Give back every record verbatim, but not the pictures.

Images for object localization
########################################
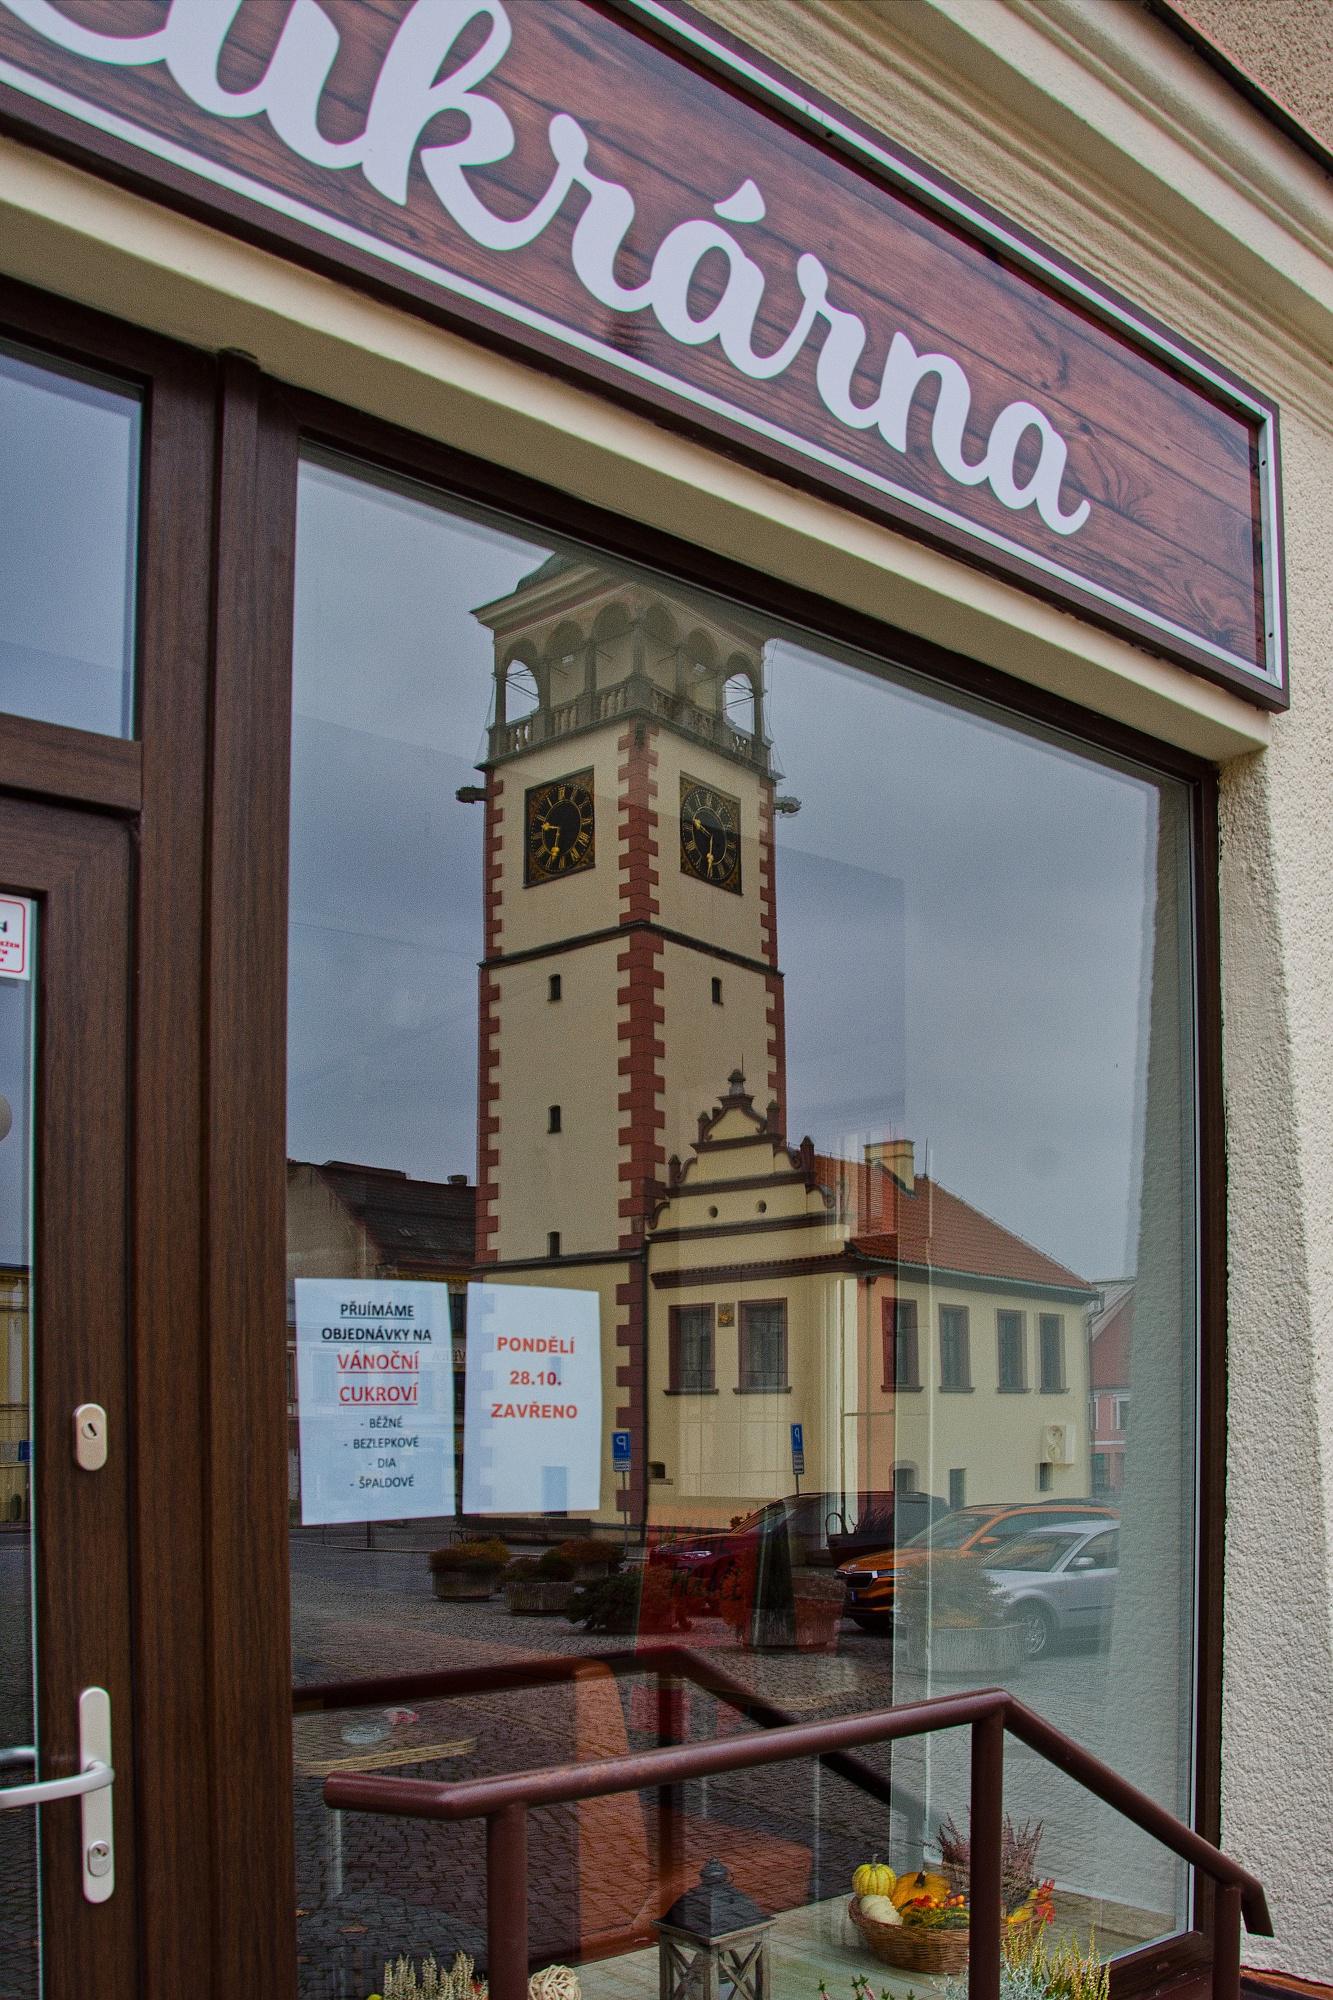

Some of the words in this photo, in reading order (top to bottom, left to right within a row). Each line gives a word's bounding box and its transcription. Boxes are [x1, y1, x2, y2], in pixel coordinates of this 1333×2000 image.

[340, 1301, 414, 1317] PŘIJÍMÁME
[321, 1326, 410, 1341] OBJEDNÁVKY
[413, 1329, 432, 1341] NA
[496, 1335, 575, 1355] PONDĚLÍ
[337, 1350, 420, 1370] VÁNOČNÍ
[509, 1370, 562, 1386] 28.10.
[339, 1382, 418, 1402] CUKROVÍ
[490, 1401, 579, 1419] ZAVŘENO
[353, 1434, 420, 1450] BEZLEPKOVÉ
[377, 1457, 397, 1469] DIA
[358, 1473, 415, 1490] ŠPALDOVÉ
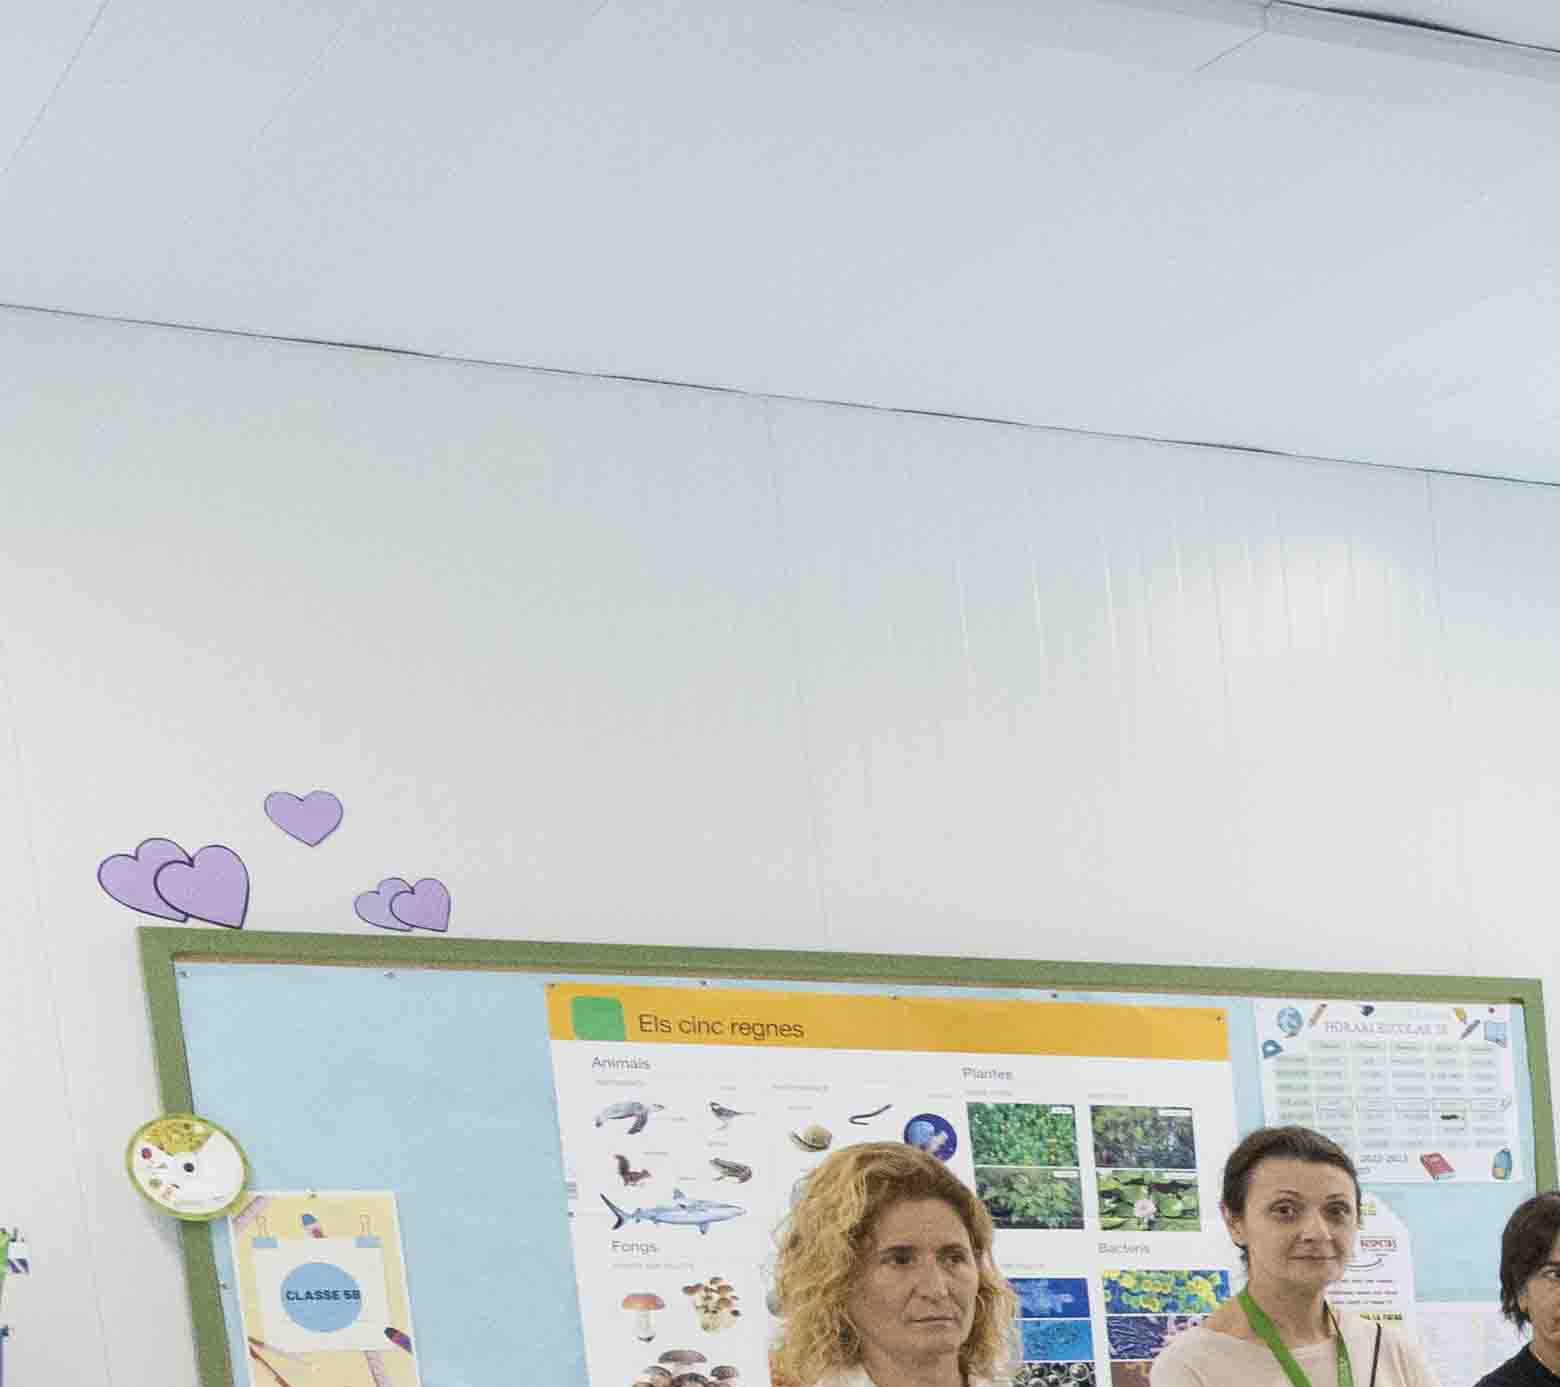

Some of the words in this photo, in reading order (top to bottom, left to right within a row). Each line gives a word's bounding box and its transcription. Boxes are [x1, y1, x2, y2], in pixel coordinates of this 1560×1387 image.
########################################
» **Exercise answer**
Some of the words in this photo, in reading order (top to bottom, left to right within a row). Each line gives a word's bounding box and its transcription. Boxes are [x1, y1, x2, y2], in pixel coordinates of this 1333×2000 image.

[340, 1301, 414, 1317] PŘIJÍMÁME
[321, 1326, 410, 1341] OBJEDNÁVKY
[413, 1329, 432, 1341] NA
[496, 1335, 575, 1355] PONDĚLÍ
[337, 1350, 420, 1370] VÁNOČNÍ
[509, 1370, 562, 1386] 28.10.
[339, 1382, 418, 1402] CUKROVÍ
[490, 1401, 579, 1419] ZAVŘENO
[353, 1434, 420, 1450] BEZLEPKOVÉ
[377, 1457, 397, 1469] DIA
[358, 1473, 415, 1490] ŠPALDOVÉ

Some of the words in this photo, in reading order (top to bottom, left to right within a row). Each line gives a word's bounding box and its transcription. Boxes are [x1, y1, x2, y2], in pixel coordinates of this 1560×1387 image.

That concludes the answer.